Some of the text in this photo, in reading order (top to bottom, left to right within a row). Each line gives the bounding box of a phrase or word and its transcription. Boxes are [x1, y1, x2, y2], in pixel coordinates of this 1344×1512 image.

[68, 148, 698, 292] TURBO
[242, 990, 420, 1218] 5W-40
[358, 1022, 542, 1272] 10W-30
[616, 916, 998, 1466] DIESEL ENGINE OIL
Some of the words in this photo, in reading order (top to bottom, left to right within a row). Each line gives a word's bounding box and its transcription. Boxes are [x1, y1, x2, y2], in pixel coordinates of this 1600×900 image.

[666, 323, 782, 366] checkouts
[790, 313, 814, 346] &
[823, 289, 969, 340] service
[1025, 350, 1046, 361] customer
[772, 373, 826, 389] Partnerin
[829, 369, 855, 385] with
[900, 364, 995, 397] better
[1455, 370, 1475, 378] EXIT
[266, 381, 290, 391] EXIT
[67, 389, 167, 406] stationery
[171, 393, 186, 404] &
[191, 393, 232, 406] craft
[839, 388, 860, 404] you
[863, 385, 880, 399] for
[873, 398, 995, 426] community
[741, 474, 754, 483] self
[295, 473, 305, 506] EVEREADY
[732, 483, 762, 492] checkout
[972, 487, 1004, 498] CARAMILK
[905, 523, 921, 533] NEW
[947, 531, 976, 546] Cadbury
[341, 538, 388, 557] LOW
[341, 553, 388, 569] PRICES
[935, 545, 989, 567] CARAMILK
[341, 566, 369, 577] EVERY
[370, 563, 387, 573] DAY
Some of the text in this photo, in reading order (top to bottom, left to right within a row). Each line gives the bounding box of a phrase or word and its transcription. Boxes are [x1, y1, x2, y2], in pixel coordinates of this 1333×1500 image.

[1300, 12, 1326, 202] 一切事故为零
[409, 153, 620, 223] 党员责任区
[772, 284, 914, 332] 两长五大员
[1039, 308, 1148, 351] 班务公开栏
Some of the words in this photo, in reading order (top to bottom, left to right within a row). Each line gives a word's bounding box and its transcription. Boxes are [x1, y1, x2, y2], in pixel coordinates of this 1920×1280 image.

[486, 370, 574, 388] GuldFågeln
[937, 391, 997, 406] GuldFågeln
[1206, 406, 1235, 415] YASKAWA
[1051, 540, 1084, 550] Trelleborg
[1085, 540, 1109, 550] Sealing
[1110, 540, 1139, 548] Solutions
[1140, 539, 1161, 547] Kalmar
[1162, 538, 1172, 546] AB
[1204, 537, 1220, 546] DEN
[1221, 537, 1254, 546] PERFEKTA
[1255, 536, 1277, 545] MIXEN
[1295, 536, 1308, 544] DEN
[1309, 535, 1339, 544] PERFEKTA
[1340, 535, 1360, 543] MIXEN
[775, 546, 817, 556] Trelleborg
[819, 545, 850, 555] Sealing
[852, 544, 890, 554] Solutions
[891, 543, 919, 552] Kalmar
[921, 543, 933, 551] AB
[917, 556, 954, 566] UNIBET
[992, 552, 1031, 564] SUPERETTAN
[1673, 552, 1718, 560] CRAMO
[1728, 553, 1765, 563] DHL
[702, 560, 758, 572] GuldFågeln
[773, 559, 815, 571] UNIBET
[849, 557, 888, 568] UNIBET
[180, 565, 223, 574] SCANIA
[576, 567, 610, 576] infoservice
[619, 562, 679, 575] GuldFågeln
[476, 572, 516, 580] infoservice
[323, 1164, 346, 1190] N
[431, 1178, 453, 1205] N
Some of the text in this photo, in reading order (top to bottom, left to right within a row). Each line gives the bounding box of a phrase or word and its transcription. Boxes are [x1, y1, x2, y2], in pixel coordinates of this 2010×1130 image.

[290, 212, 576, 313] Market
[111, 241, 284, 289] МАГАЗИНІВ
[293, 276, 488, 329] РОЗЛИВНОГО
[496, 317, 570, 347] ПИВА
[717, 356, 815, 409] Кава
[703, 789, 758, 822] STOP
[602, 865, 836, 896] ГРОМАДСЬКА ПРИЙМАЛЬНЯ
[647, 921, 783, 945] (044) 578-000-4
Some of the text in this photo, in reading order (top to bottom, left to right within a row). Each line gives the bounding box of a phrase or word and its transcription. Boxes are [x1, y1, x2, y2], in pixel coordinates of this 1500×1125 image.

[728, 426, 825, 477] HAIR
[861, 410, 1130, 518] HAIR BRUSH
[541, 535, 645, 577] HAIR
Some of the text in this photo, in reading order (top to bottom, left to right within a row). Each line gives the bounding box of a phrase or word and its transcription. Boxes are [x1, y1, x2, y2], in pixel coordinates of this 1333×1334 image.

### Work required:
All of the material above is to be retyped word for word.

### Result of the task:
Some of the text in this photo, in reading order (top to bottom, left to right within a row). Each line gives the bounding box of a phrase or word and its transcription. Boxes are [x1, y1, x2, y2], in pixel coordinates of this 1344×1512 image.

[68, 148, 698, 292] TURBO
[242, 990, 420, 1218] 5W-40
[358, 1022, 542, 1272] 10W-30
[616, 916, 998, 1466] DIESEL ENGINE OIL
Some of the words in this photo, in reading order (top to bottom, left to right within a row). Each line gives a word's bounding box and its transcription. Boxes are [x1, y1, x2, y2], in pixel coordinates of this 1600×900 image.

[666, 323, 782, 366] checkouts
[790, 313, 814, 346] &
[823, 289, 969, 340] service
[1025, 350, 1046, 361] customer
[772, 373, 826, 389] Partnerin
[829, 369, 855, 385] with
[900, 364, 995, 397] better
[1455, 370, 1475, 378] EXIT
[266, 381, 290, 391] EXIT
[67, 389, 167, 406] stationery
[171, 393, 186, 404] &
[191, 393, 232, 406] craft
[839, 388, 860, 404] you
[863, 385, 880, 399] for
[873, 398, 995, 426] community
[741, 474, 754, 483] self
[295, 473, 305, 506] EVEREADY
[732, 483, 762, 492] checkout
[972, 487, 1004, 498] CARAMILK
[905, 523, 921, 533] NEW
[947, 531, 976, 546] Cadbury
[341, 538, 388, 557] LOW
[341, 553, 388, 569] PRICES
[935, 545, 989, 567] CARAMILK
[341, 566, 369, 577] EVERY
[370, 563, 387, 573] DAY
Some of the text in this photo, in reading order (top to bottom, left to right within a row). Each line gives the bounding box of a phrase or word and its transcription. Boxes are [x1, y1, x2, y2], in pixel coordinates of this 1333×1500 image.

[1300, 12, 1326, 202] 一切事故为零
[409, 153, 620, 223] 党员责任区
[772, 284, 914, 332] 两长五大员
[1039, 308, 1148, 351] 班务公开栏
Some of the words in this photo, in reading order (top to bottom, left to right within a row). Each line gives a word's bounding box and its transcription. Boxes are [x1, y1, x2, y2], in pixel coordinates of this 1920×1280 image.

[486, 370, 574, 388] GuldFågeln
[937, 391, 997, 406] GuldFågeln
[1206, 406, 1235, 415] YASKAWA
[1051, 540, 1084, 550] Trelleborg
[1085, 540, 1109, 550] Sealing
[1110, 540, 1139, 548] Solutions
[1140, 539, 1161, 547] Kalmar
[1162, 538, 1172, 546] AB
[1204, 537, 1220, 546] DEN
[1221, 537, 1254, 546] PERFEKTA
[1255, 536, 1277, 545] MIXEN
[1295, 536, 1308, 544] DEN
[1309, 535, 1339, 544] PERFEKTA
[1340, 535, 1360, 543] MIXEN
[775, 546, 817, 556] Trelleborg
[819, 545, 850, 555] Sealing
[852, 544, 890, 554] Solutions
[891, 543, 919, 552] Kalmar
[921, 543, 933, 551] AB
[917, 556, 954, 566] UNIBET
[992, 552, 1031, 564] SUPERETTAN
[1673, 552, 1718, 560] CRAMO
[1728, 553, 1765, 563] DHL
[702, 560, 758, 572] GuldFågeln
[773, 559, 815, 571] UNIBET
[849, 557, 888, 568] UNIBET
[180, 565, 223, 574] SCANIA
[576, 567, 610, 576] infoservice
[619, 562, 679, 575] GuldFågeln
[476, 572, 516, 580] infoservice
[323, 1164, 346, 1190] N
[431, 1178, 453, 1205] N
Some of the text in this photo, in reading order (top to bottom, left to right within a row). Each line gives the bounding box of a phrase or word and its transcription. Boxes are [x1, y1, x2, y2], in pixel coordinates of this 2010×1130 image.

[290, 212, 576, 313] Market
[111, 241, 284, 289] МАГАЗИНІВ
[293, 276, 488, 329] РОЗЛИВНОГО
[496, 317, 570, 347] ПИВА
[717, 356, 815, 409] Кава
[703, 789, 758, 822] STOP
[602, 865, 836, 896] ГРОМАДСЬКА ПРИЙМАЛЬНЯ
[647, 921, 783, 945] (044) 578-000-4
Some of the text in this photo, in reading order (top to bottom, left to right within a row). Each line gives the bounding box of a phrase or word and its transcription. Boxes are [x1, y1, x2, y2], in pixel coordinates of this 1500×1125 image.

[728, 426, 825, 477] HAIR
[861, 410, 1130, 518] HAIR BRUSH
[541, 535, 645, 577] HAIR
Some of the text in this photo, in reading order (top to bottom, left to right within a row). Each line gives the bounding box of a phrase or word and its transcription. Boxes are [x1, y1, x2, y2], in pixel coordinates of this 1333×1334 image.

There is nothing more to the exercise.